If an entry holds a picture, leave the picture out and copy the rest exactly.
(Material provided Opens)
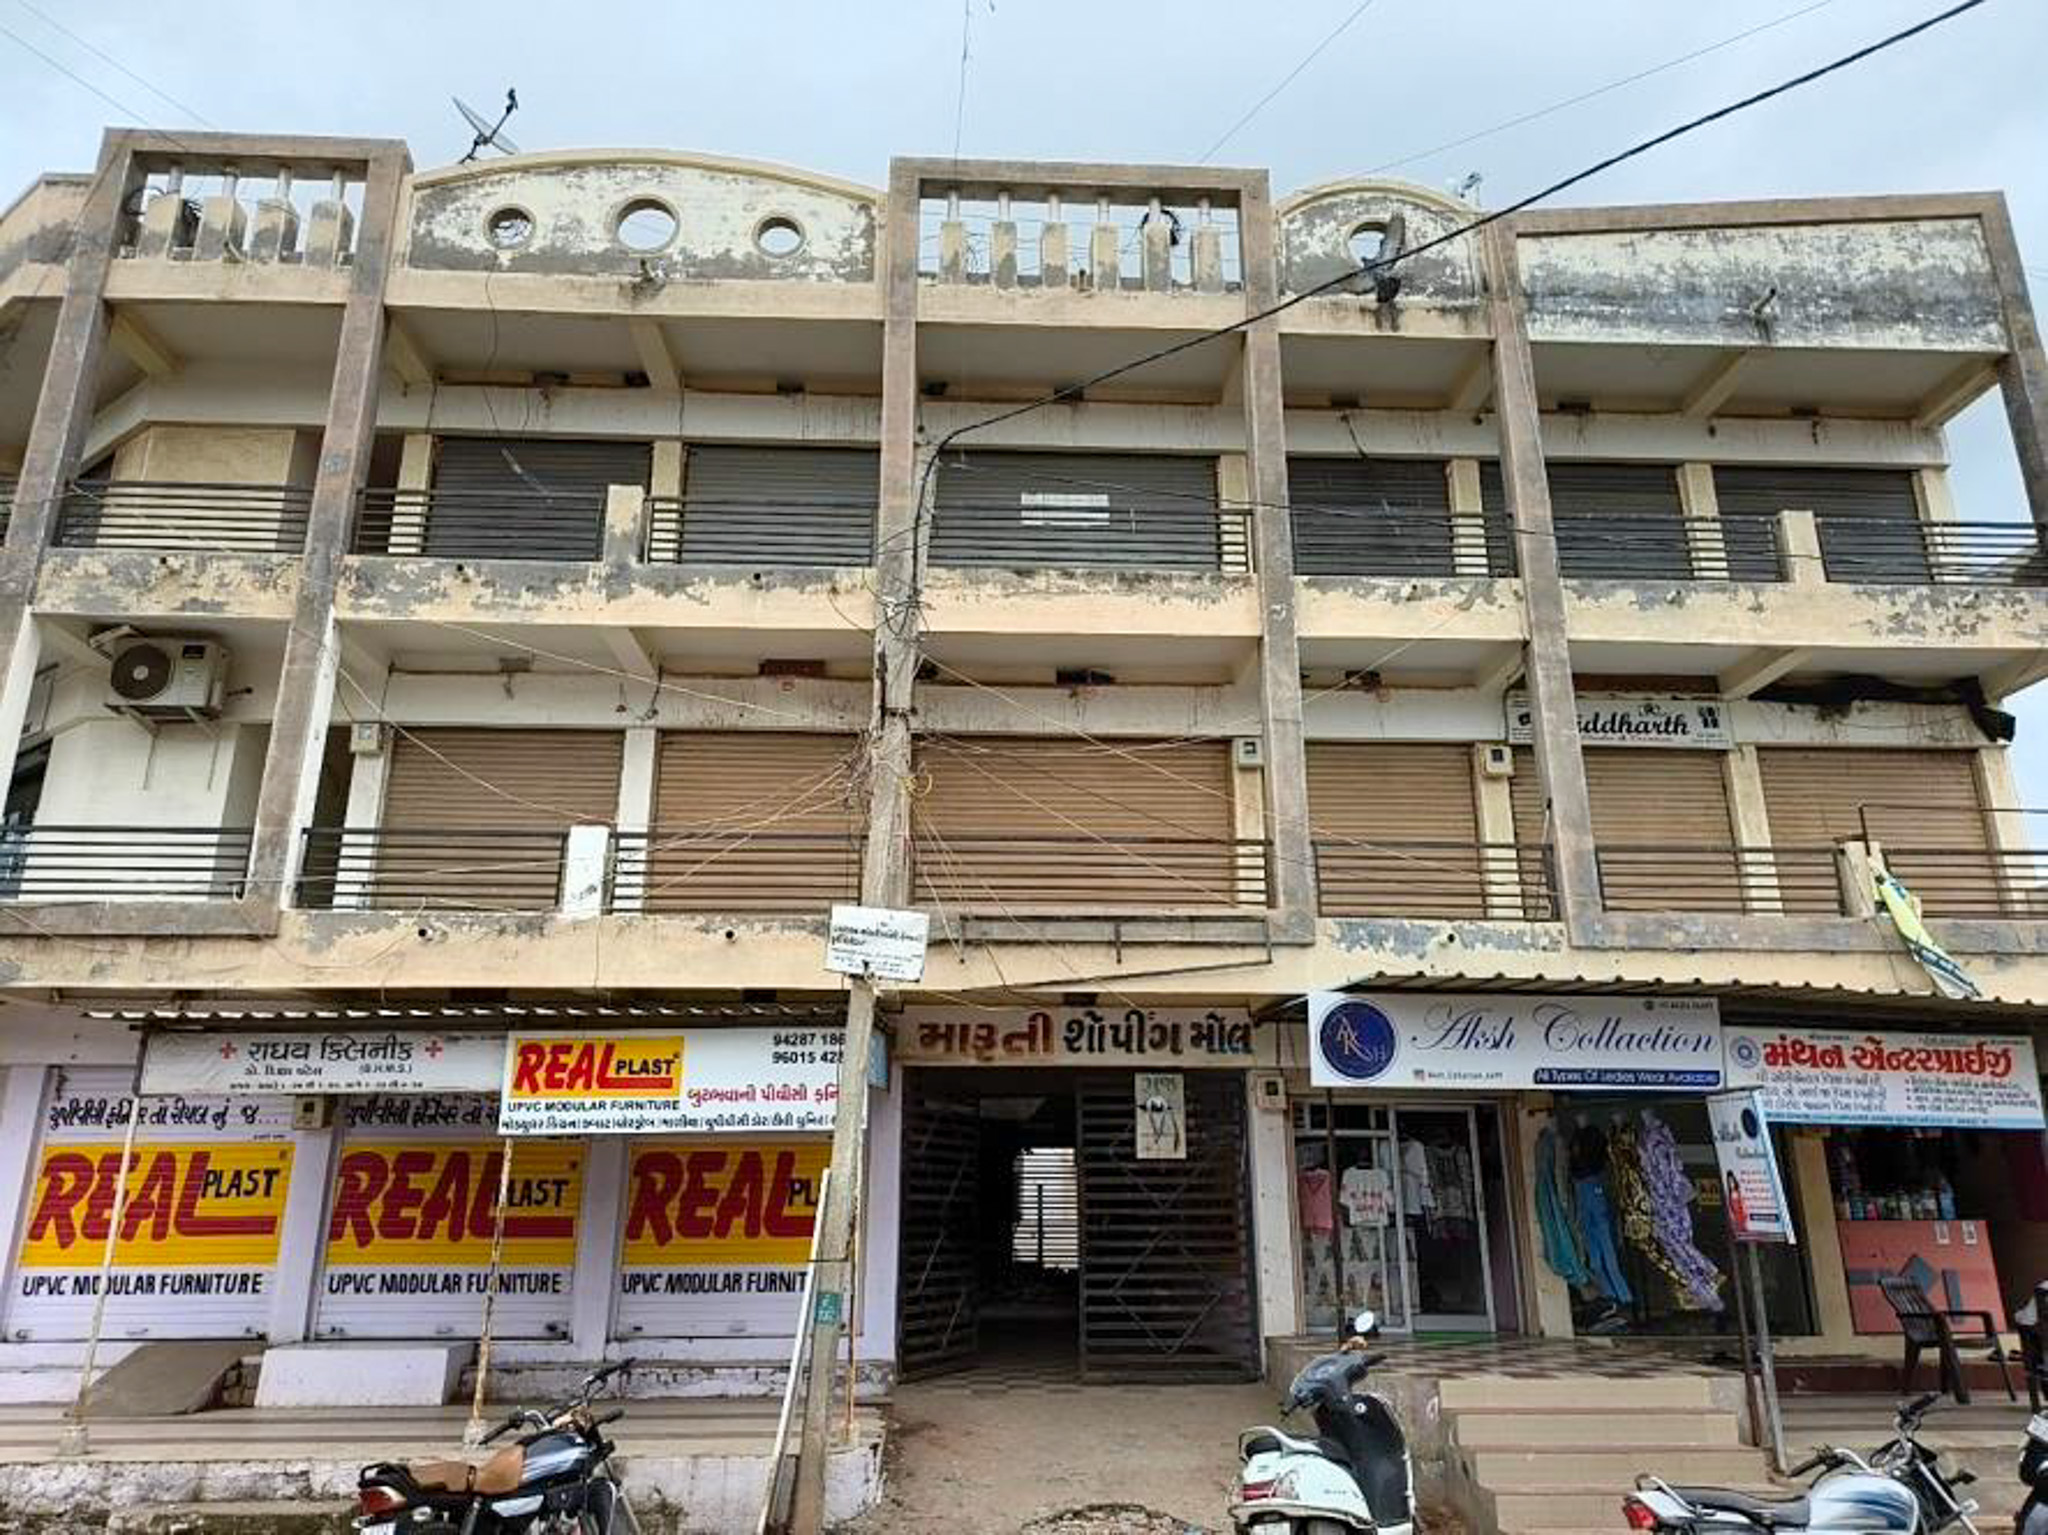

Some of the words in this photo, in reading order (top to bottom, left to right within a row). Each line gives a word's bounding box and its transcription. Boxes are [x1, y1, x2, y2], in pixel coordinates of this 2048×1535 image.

[1576, 711, 1691, 736] iddharth
[774, 1032, 816, 1046] 94287
[1411, 1002, 1516, 1050] Aksh
[1533, 1003, 1716, 1053] Collaction
[248, 1040, 311, 1061] રાઘવ
[772, 1051, 816, 1064] 96015
[1763, 1033, 1847, 1069] મંથન
[513, 1042, 673, 1094] REAL
[615, 1058, 676, 1075] PLAST
[508, 1100, 542, 1112] UPVC
[545, 1100, 607, 1112] MODULAR
[610, 1099, 680, 1111] FURNITURE
[28, 1151, 277, 1249] REAL
[201, 1169, 280, 1198] PLAST
[328, 1151, 573, 1249] REAL
[626, 1151, 814, 1247] REAL
[788, 1178, 817, 1206] PL
[22, 1276, 68, 1296] UPVC
[160, 1273, 263, 1294] FURNITURE
[328, 1273, 376, 1294] UPVC
[379, 1273, 462, 1294] MODULAR
[466, 1272, 562, 1293] FUNITURE
[622, 1273, 663, 1294] UPVC
[664, 1273, 743, 1294] MODULAR
[747, 1272, 807, 1293] FURNIT
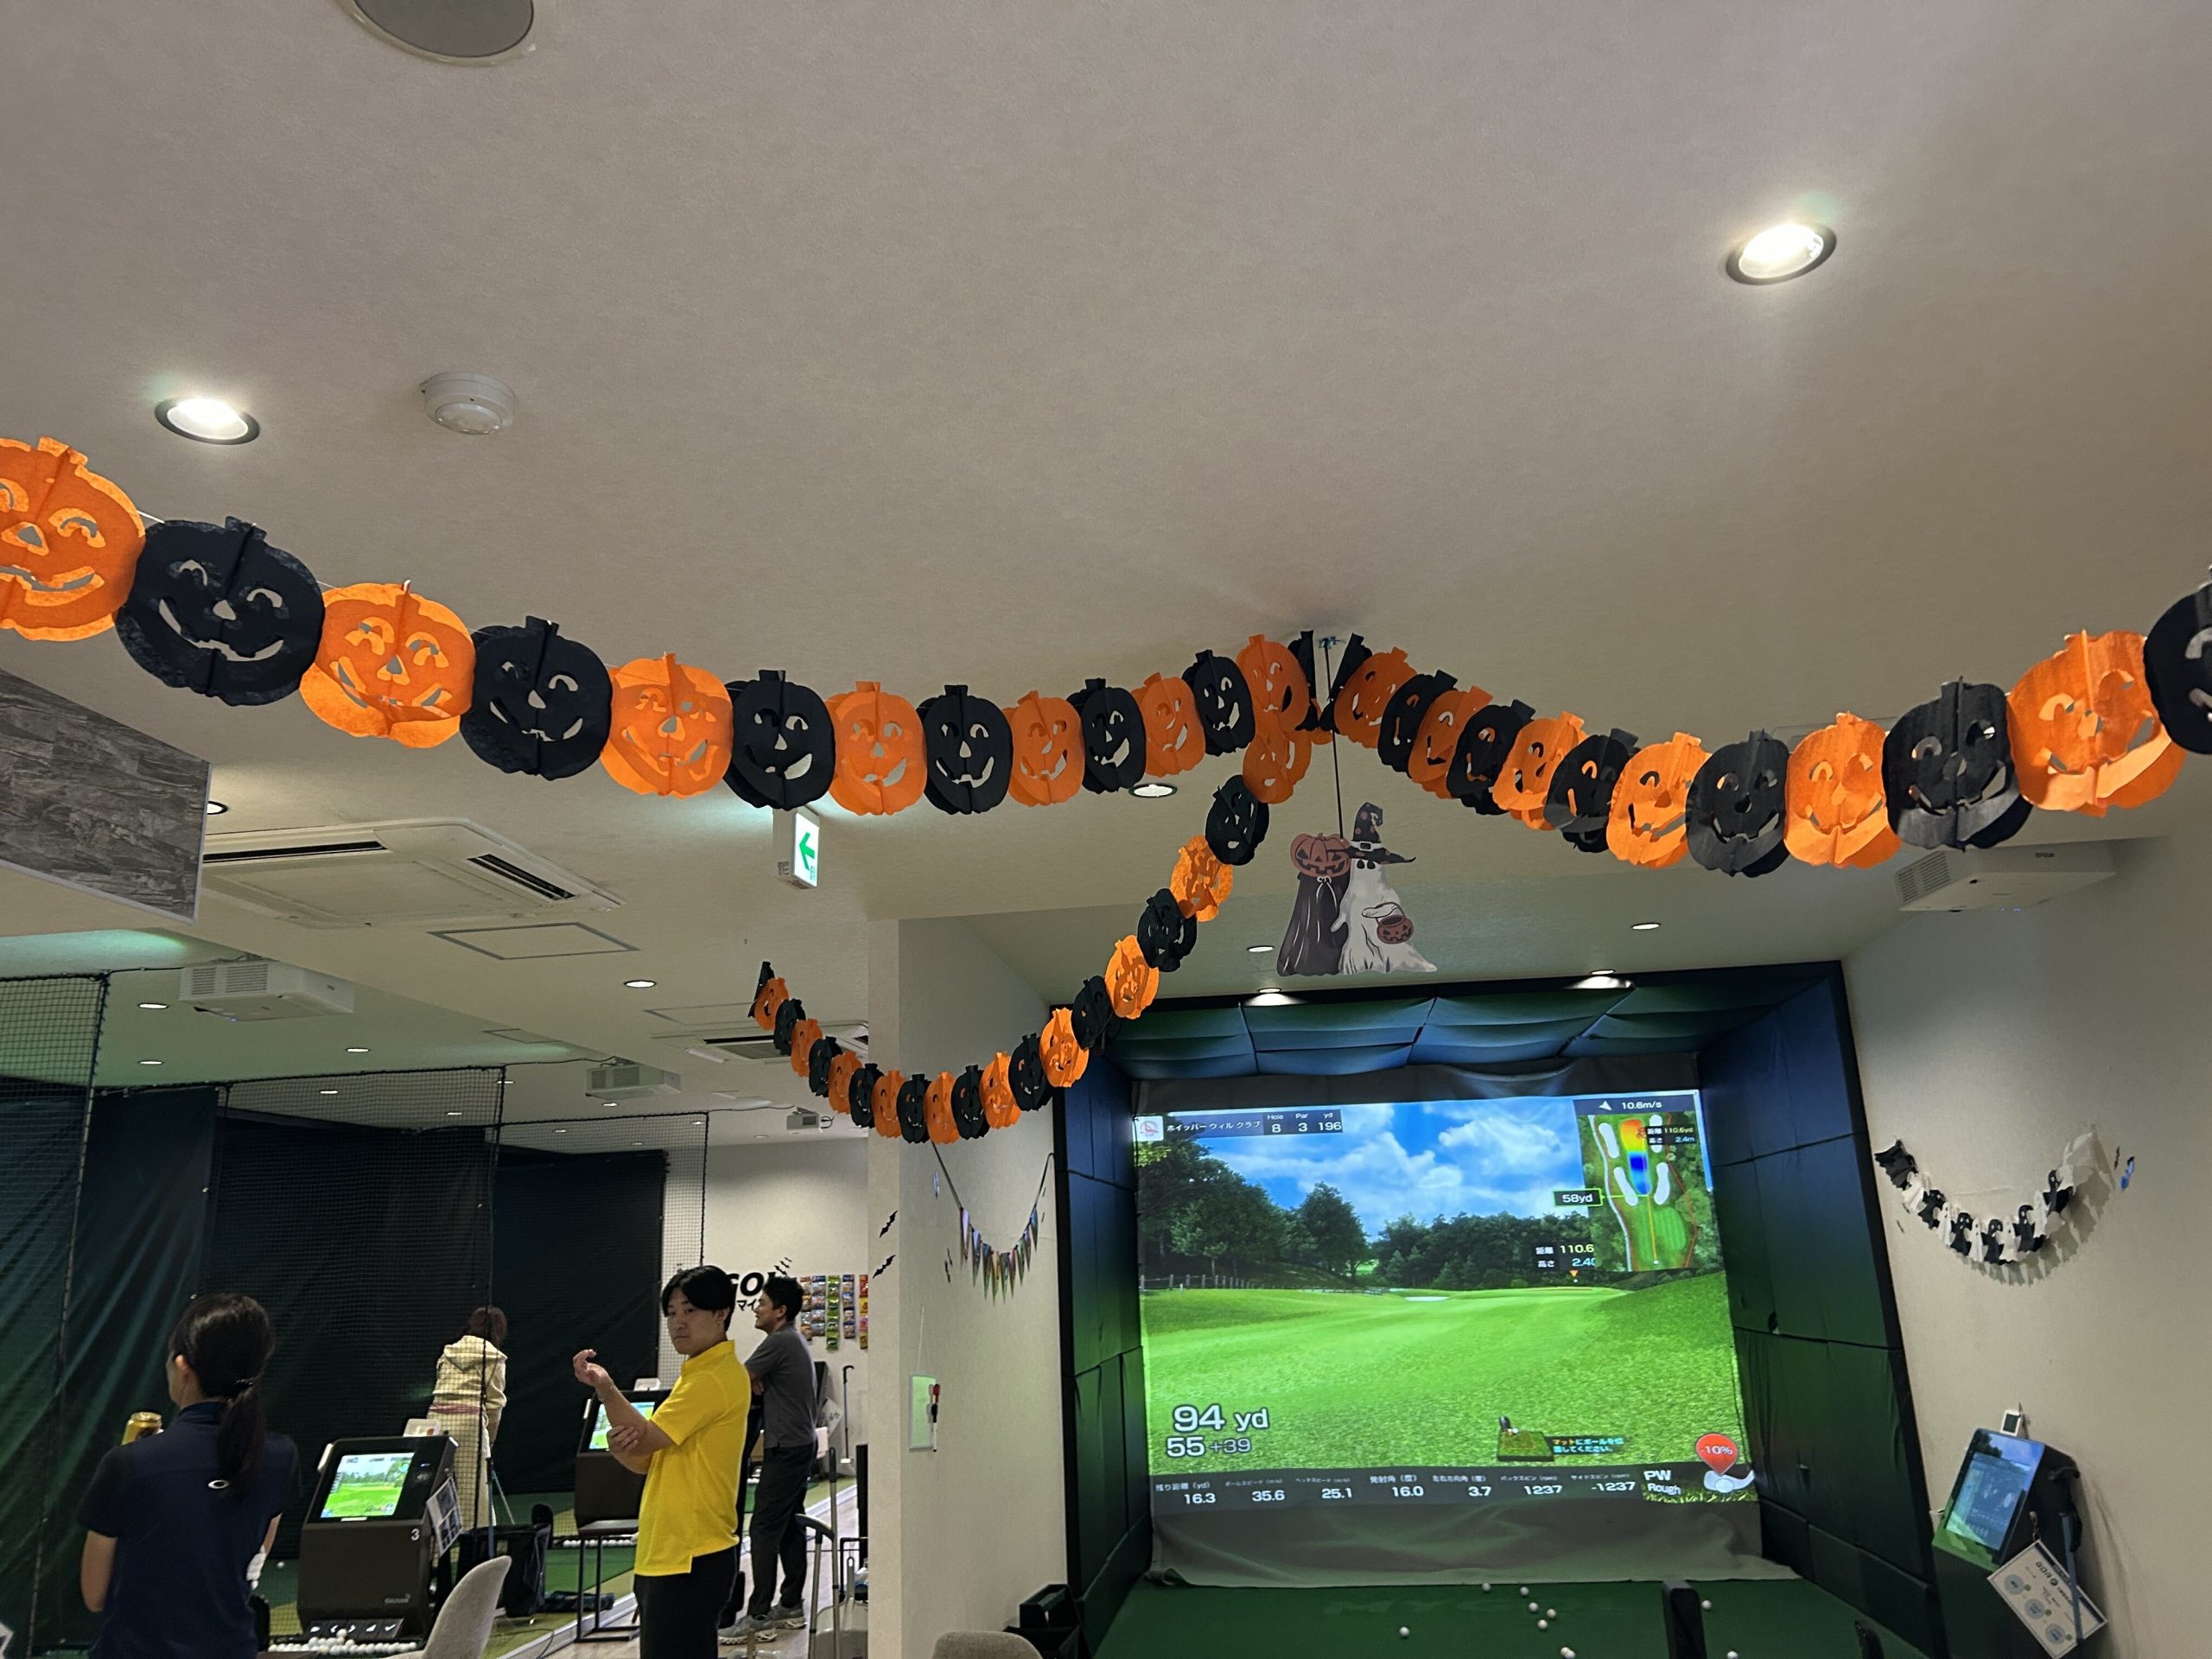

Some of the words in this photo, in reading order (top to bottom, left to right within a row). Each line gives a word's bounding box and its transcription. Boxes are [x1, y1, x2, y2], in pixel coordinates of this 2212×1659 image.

[1621, 1101, 1663, 1109] 10.6m/s
[1271, 1123, 1282, 1134] 8
[1298, 1122, 1308, 1132] 3
[1318, 1122, 1342, 1131] 196
[1562, 1193, 1593, 1204] 58yd
[1560, 1244, 1595, 1254] 110.6
[1173, 1404, 1226, 1433] 94
[1234, 1407, 1269, 1432] yd
[1166, 1436, 1205, 1458] 55
[1210, 1438, 1252, 1453] +39
[1700, 1444, 1733, 1455] -10%
[1643, 1470, 1672, 1481] PW
[1391, 1485, 1425, 1497] 16.0
[1467, 1485, 1492, 1497] 3.7
[1523, 1484, 1563, 1495] 1237
[1591, 1481, 1637, 1491] -1237
[1647, 1482, 1682, 1496] Rough
[1184, 1492, 1217, 1504] 16.3
[1251, 1490, 1286, 1502] 35.6
[1321, 1487, 1353, 1499] 25.1
[410, 1528, 420, 1541] 3
(Material provided Closes)
Written answer →
Some of the words in this photo, in reading order (top to bottom, left to right within a row). Each line gives a word's bounding box and its transcription. Boxes are [x1, y1, x2, y2], in pixel coordinates of this 2048×1535 image.

[1576, 711, 1691, 736] iddharth
[774, 1032, 816, 1046] 94287
[1411, 1002, 1516, 1050] Aksh
[1533, 1003, 1716, 1053] Collaction
[248, 1040, 311, 1061] રાઘવ
[772, 1051, 816, 1064] 96015
[1763, 1033, 1847, 1069] મંથન
[513, 1042, 673, 1094] REAL
[615, 1058, 676, 1075] PLAST
[508, 1100, 542, 1112] UPVC
[545, 1100, 607, 1112] MODULAR
[610, 1099, 680, 1111] FURNITURE
[28, 1151, 277, 1249] REAL
[201, 1169, 280, 1198] PLAST
[328, 1151, 573, 1249] REAL
[626, 1151, 814, 1247] REAL
[788, 1178, 817, 1206] PL
[22, 1276, 68, 1296] UPVC
[160, 1273, 263, 1294] FURNITURE
[328, 1273, 376, 1294] UPVC
[379, 1273, 462, 1294] MODULAR
[466, 1272, 562, 1293] FUNITURE
[622, 1273, 663, 1294] UPVC
[664, 1273, 743, 1294] MODULAR
[747, 1272, 807, 1293] FURNIT

Some of the words in this photo, in reading order (top to bottom, left to right within a row). Each line gives a word's bounding box and its transcription. Boxes are [x1, y1, x2, y2], in pixel coordinates of this 2212×1659 image.

[1621, 1101, 1663, 1109] 10.6m/s
[1271, 1123, 1282, 1134] 8
[1298, 1122, 1308, 1132] 3
[1318, 1122, 1342, 1131] 196
[1562, 1193, 1593, 1204] 58yd
[1560, 1244, 1595, 1254] 110.6
[1173, 1404, 1226, 1433] 94
[1234, 1407, 1269, 1432] yd
[1166, 1436, 1205, 1458] 55
[1210, 1438, 1252, 1453] +39
[1700, 1444, 1733, 1455] -10%
[1643, 1470, 1672, 1481] PW
[1391, 1485, 1425, 1497] 16.0
[1467, 1485, 1492, 1497] 3.7
[1523, 1484, 1563, 1495] 1237
[1591, 1481, 1637, 1491] -1237
[1647, 1482, 1682, 1496] Rough
[1184, 1492, 1217, 1504] 16.3
[1251, 1490, 1286, 1502] 35.6
[1321, 1487, 1353, 1499] 25.1
[410, 1528, 420, 1541] 3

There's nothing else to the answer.